After we got basic notifications working, we also started trying to enhance them. We ended up with a prototype system that allows the user to enter when they bolus insulin or take carbs, and snoozes alarms appropriately. (This enables a de facto remote alert monitoring system, especially handy for individuals living alone.) With that info, we are also able to do the calculations required to determine how much insulin is needed at any given point (the same calculations PWDs do in their head every time they eat or have to correct for high BG), and by doing those every 5 minutes as new data came in, we were able to provide early warning if she was likely to go low, or if she needed more insulin to correct a persistent high. Since getting all of that working, we have also developed a meal bolus feature, which takes advantage of an (as far as I know unique) ability to track how fast carbs are likely to be absorbed into the bloodstream to give the user better estimates of how much insulin is required now, vs. how much will likely be required later as the rest of the meal is digested.
Since she started began actively testing the #DIYPS (Do It Yourself Pancreas System), we have seen a decrease in average BG levels, with less time spent low, and less time spent high.

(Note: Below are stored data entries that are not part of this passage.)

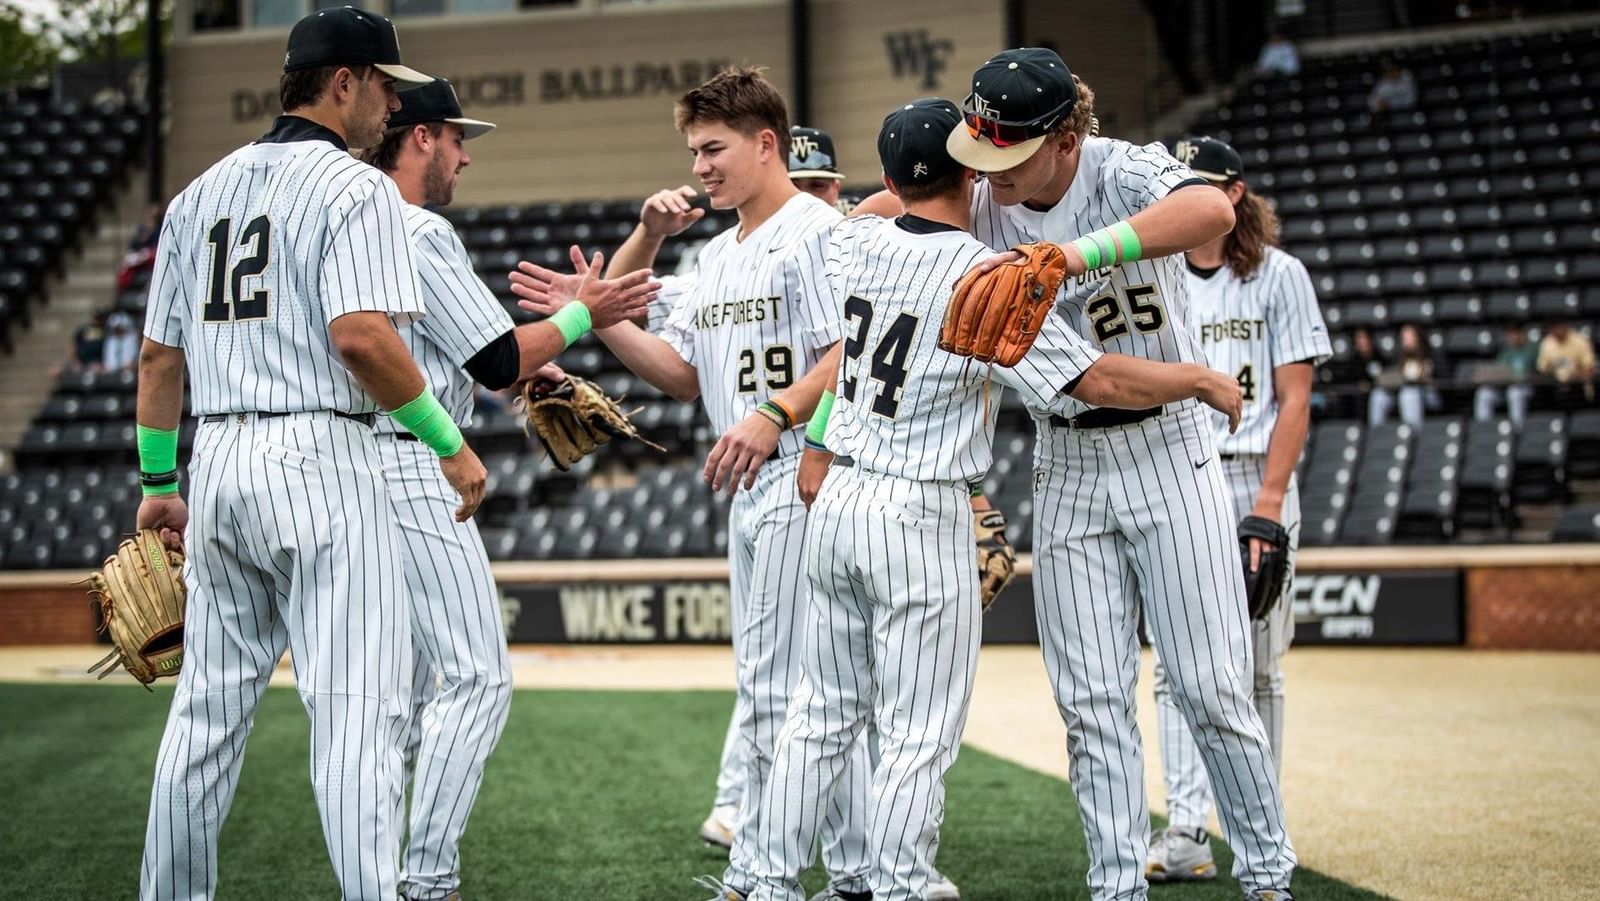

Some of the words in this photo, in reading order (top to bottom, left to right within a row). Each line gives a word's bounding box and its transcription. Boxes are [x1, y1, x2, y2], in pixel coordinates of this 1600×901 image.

[882, 29, 956, 91] WF
[203, 214, 271, 323] 12
[721, 296, 782, 325] FOREST
[1083, 282, 1166, 346] 25
[1201, 318, 1265, 345] FOREST
[736, 342, 797, 396] 29
[842, 291, 922, 422] 24
[559, 585, 656, 640] WAKE
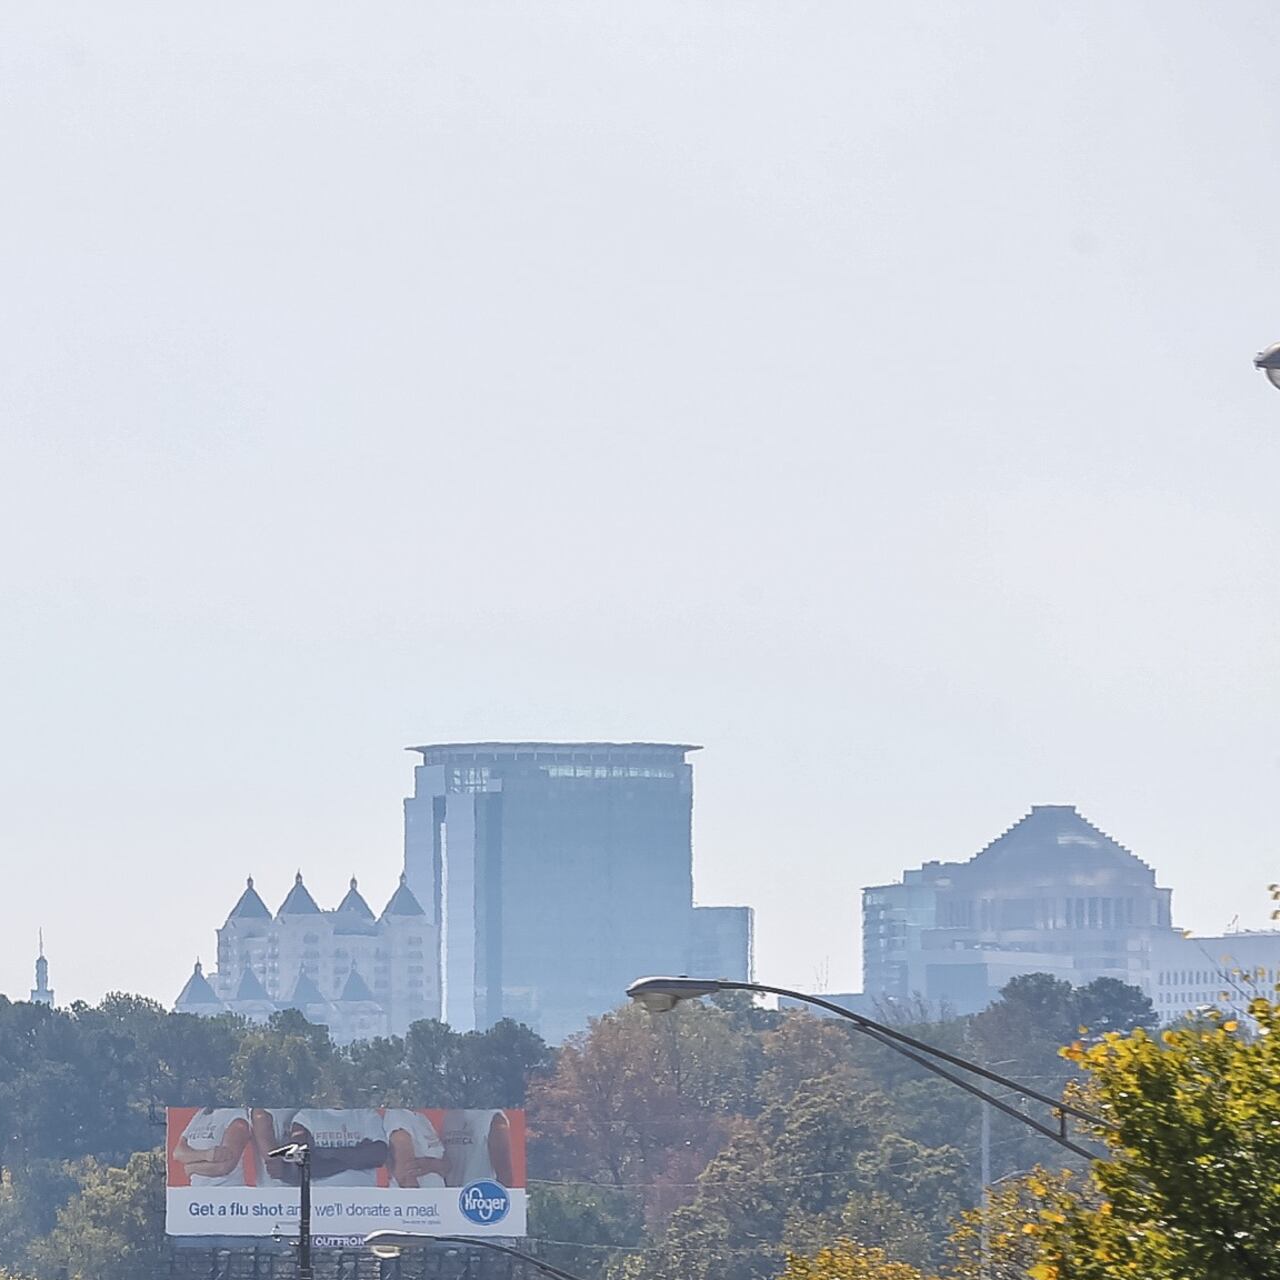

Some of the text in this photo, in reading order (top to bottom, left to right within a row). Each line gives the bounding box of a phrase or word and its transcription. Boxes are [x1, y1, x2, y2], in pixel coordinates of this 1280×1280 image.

[189, 1202, 440, 1217] Get a flu shot an we'll donate a meal.
[464, 1187, 506, 1220] Kroger
[315, 1237, 365, 1247] OUTFRON

It also enables her to execute “soft landings” after a high BG and prevents “rebounds” after a low BG. We are very encouraged by what we’ve seen so far, and are continuing to iterate and add additional alerts and features. But today, the #DIYPS is just a prototype system, and has only been development tested with a single user, so lots of additional development and testing are required. We are not yet ready to begin allowing (and helping) a large number of users to begin testing the system themselves, but hope to open it up in a manner that will allow as many people as possible to begin safely using the system as soon as possible. However, this is currently only a 2-person side project. We are looking to begin collaborating with anyone who has the skills and interest required to move the project forward, so if you think it’s worthwhile to move forward more quickly, I would encourage you to get involved (if you have technical or other skills that would be helpful) or pass along the word to others who might be interested and able to help.
If you’re interested, you can also read more about why a #DIYPS is needed now (and how it compares to true closed-loop automated Artificial Pancreas Device Systems). We’ll also be publishing a full description of how the #DIYPS prototype works shortly, so stay tuned.
4 thoughts on “How I Became a DIY Artificial Pancreas System Builder”
Thanks Scott for doing the work. I’ll have to look into doing the same myself.
This needs a kickstarter to produce a commercial product. Count me in as a supporter in advance.